Output every entry below word for word, without its pictures.

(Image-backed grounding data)

+ + +

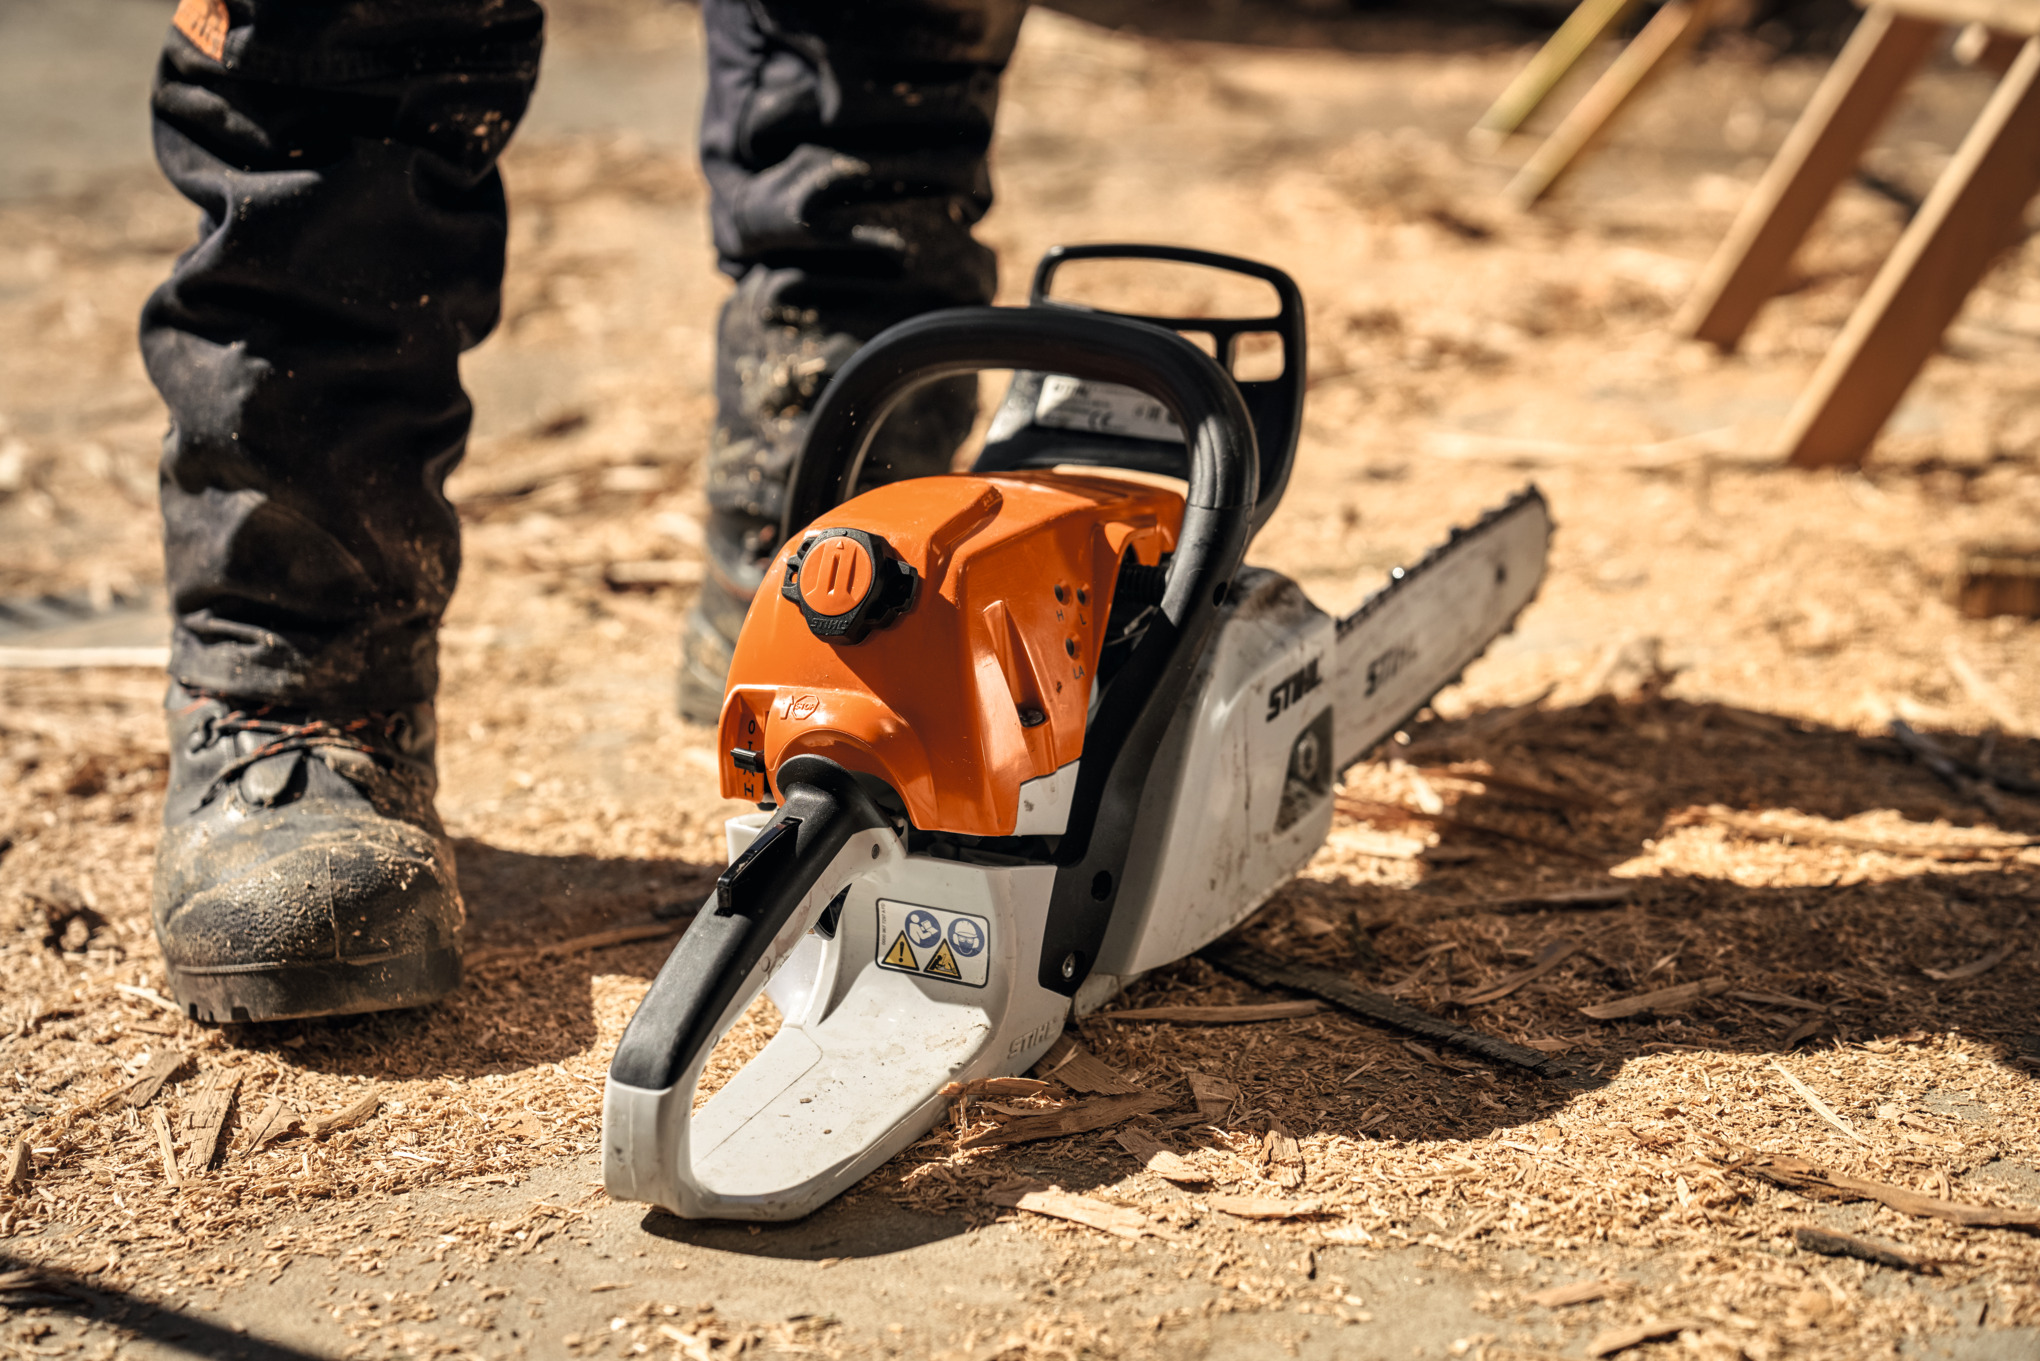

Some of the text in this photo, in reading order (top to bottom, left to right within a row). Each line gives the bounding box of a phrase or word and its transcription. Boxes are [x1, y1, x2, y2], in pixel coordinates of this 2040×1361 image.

[1056, 609, 1064, 622] H
[1079, 613, 1087, 625] L
[1073, 665, 1085, 680] LA
[1266, 656, 1323, 723] STIHL
[795, 702, 815, 712] STOP
[1007, 1019, 1059, 1060] STIHL

+ + +

# Output for this exercise
Some of the text in this photo, in reading order (top to bottom, left to right within a row). Each line gives the bounding box of a phrase or word and its transcription. Boxes are [x1, y1, x2, y2], in pixel coordinates of this 2040×1361 image.

[1056, 609, 1064, 622] H
[1079, 613, 1087, 625] L
[1073, 665, 1085, 680] LA
[1266, 656, 1323, 723] STIHL
[795, 702, 815, 712] STOP
[1007, 1019, 1059, 1060] STIHL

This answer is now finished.